Hugo a toujours adoré la gastronomie italienne. Petit déjà, sa maman l’emmenait dans la trattoria du coin où il se régalait de vitello tonnato et de gnocchi al burro e salvia

Son moment préféré était le dessert. Les adultes, en tant que fiers napolitains, prenaient toujours le baba au rhum. Lui en voulait aussi, mais on lui disait qu’il n’avait pas l’âge. Alors, il se rabattait sur le tiramisu. Il aimait la richesse et l’onctuosité du mascarpone, relevé par la légère amertume du cacao en poudre et la consistance un peu molle des savoiardi encaféiné.

Pour rendre honneur à sa famille, Hugo entreprit des études de tailleur.
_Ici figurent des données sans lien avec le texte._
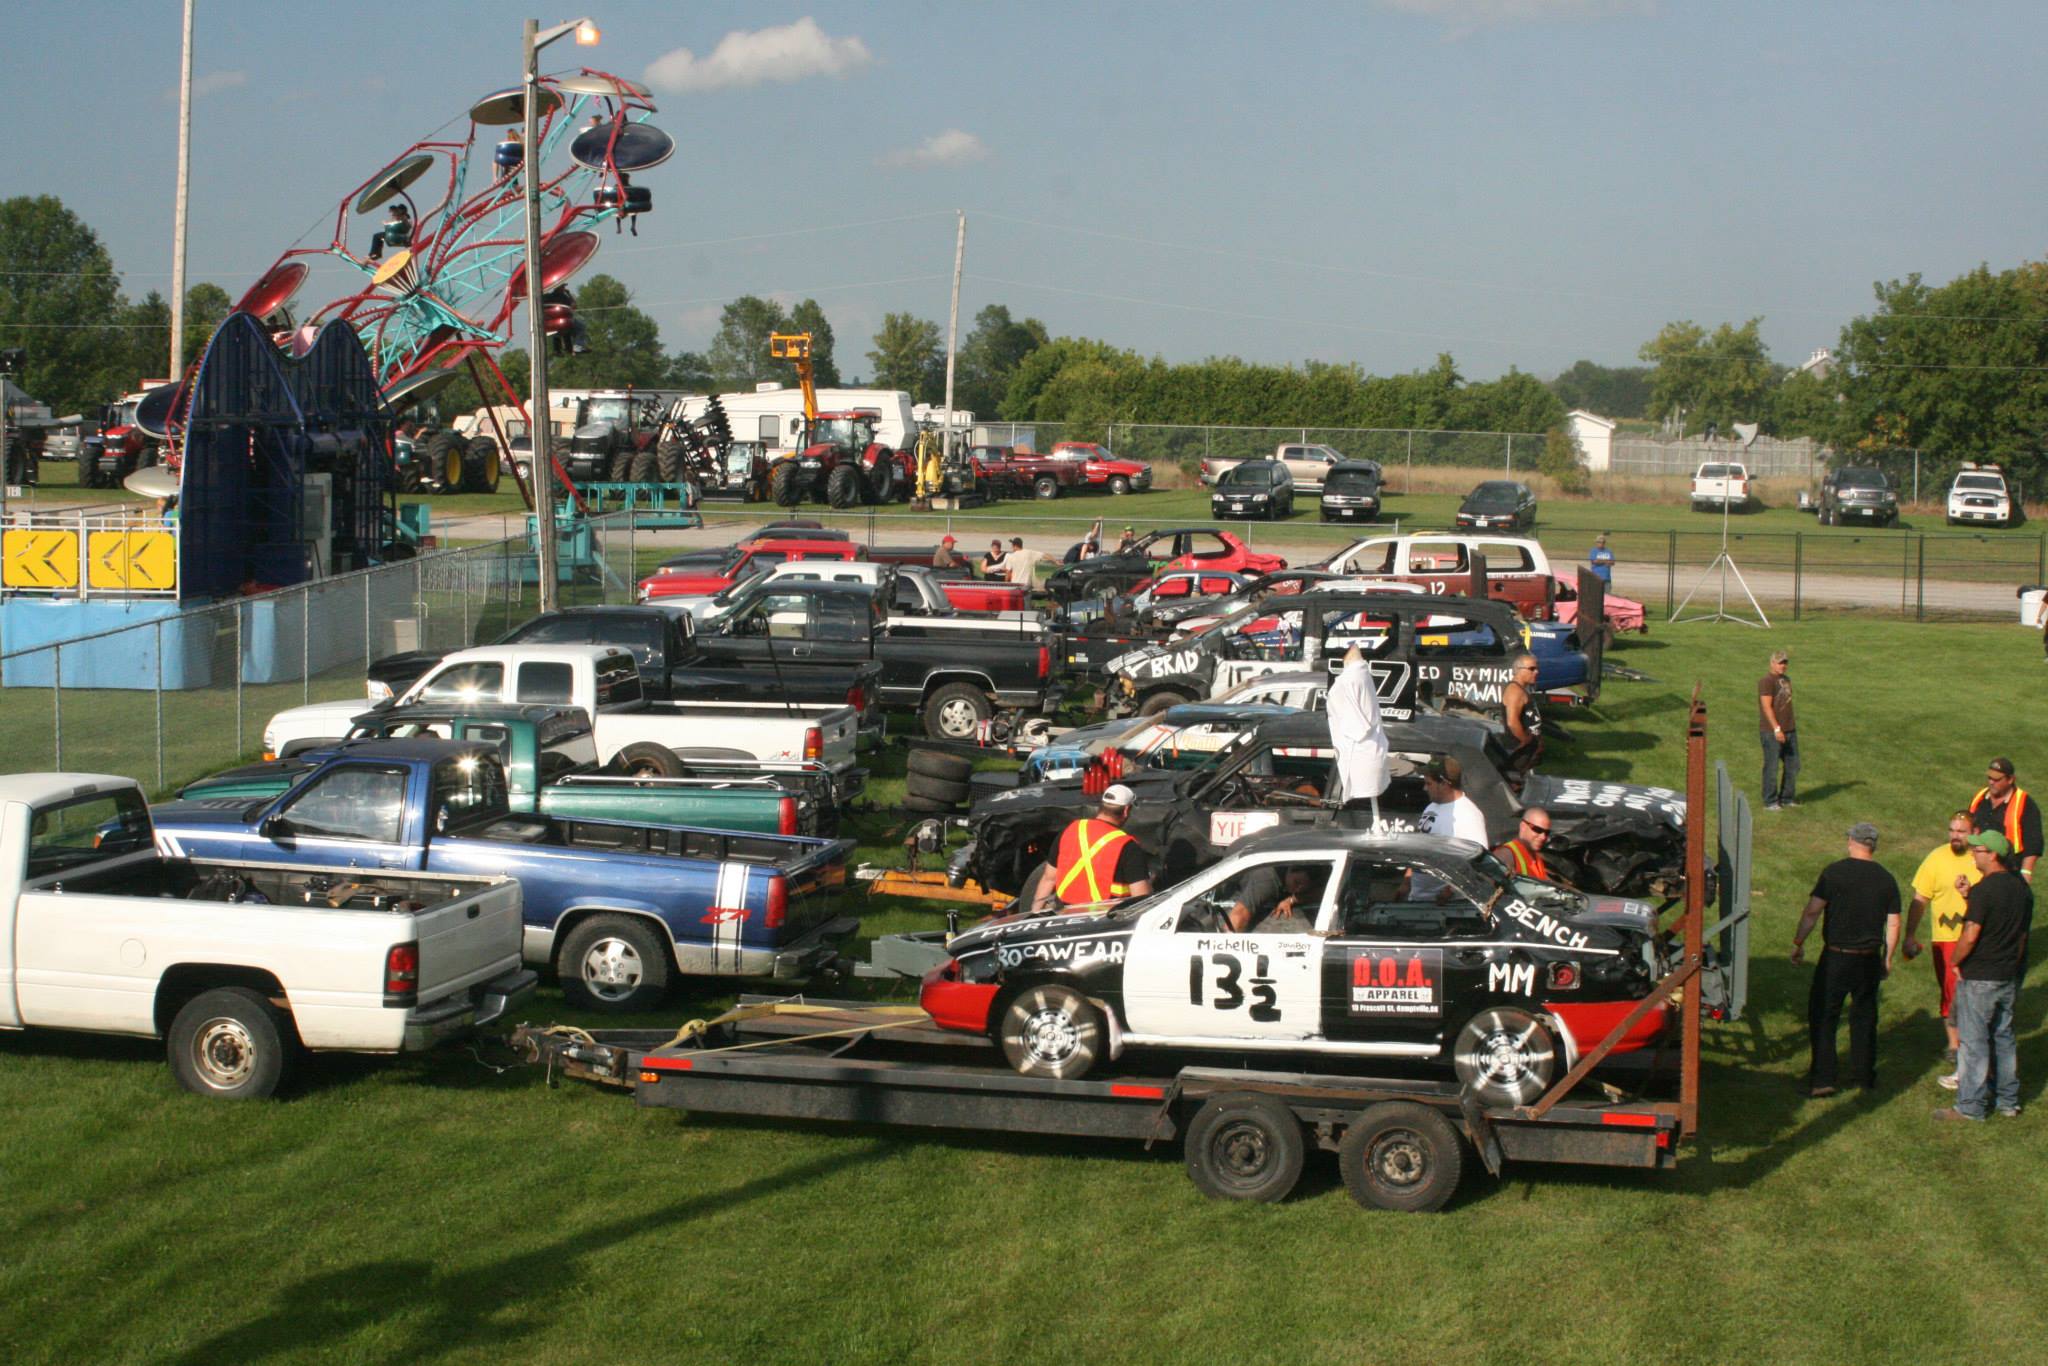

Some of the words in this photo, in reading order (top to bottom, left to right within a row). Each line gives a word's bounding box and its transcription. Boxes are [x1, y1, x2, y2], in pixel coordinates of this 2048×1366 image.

[1430, 582, 1446, 595] 12
[1150, 650, 1199, 678] BRAD
[1453, 666, 1474, 681] BY
[980, 916, 1101, 938] HURLEY
[1504, 899, 1588, 949] BENCH
[998, 940, 1126, 967] ROCAWEAR
[1198, 938, 1260, 954] Michelle
[1353, 956, 1432, 987] D.O.A.
[1489, 962, 1535, 997] MM
[1367, 990, 1418, 1000] APPAREL
Son rêve était de devenir le meilleur tailleur napolitain de Paris.

Un jour, il invita sa copine du moment dans un restaurant italien. Tout se passa à merveille jusqu’au dessert. Nostalgique de son enfance, il commanda un tiramisu. Une bouchée trop grosse, une inspiration au mauvais moment, et c’est la catastrophe. Le cacao en poudre s’est répandu dans les sinus d’Hugo, lui donnant une envie subite de tousser.

Souhaitant garder de la prestance, Hugo tourna la tête vers la gauche et toussa un gros coup. La toux fut si forte qu’il expulsa un bout de son dessert. Ce dernier vola en vitesse réduite, comme dans un film Matrix, et Hugo le vit s’écraser avec horreur sur le beau costume Cifonelli de son voisin.

Désemparé, Hugo s’empressa d’avaler le reste de son dessert, paya la note et s’en fut, sans mot dire à son voisin. La culpabilité fut telle que, de fil en aiguille, elle entraina sa rupture avec sa copine.

Le temps a bien passé maintenant.

Hugo est à la tête de sa boutique, bien en vue sur la place de Paris. Tout va bien pour lui. Il va bientôt être papa, ce qui en fait l’homme le plus heureux du monde.

La seule ombre au tableau demeure ce traumatisme tiramisesque. À chaque fois qu’il se rend dans un restaurant italien et qu’il commande un tiramisu, il ne peut s’empêcher d’avoir une pensée pour le joli costume souillé des années plus tôt. Si bien qu’à chaque tiramisu terminé, Hugo se répète le mantra suivant :

« C’est un nouveau tiramisu qui est passé sans encombre. Aucun costume dégradé. Je suis super fier de moi. »

À chacun ses victoires.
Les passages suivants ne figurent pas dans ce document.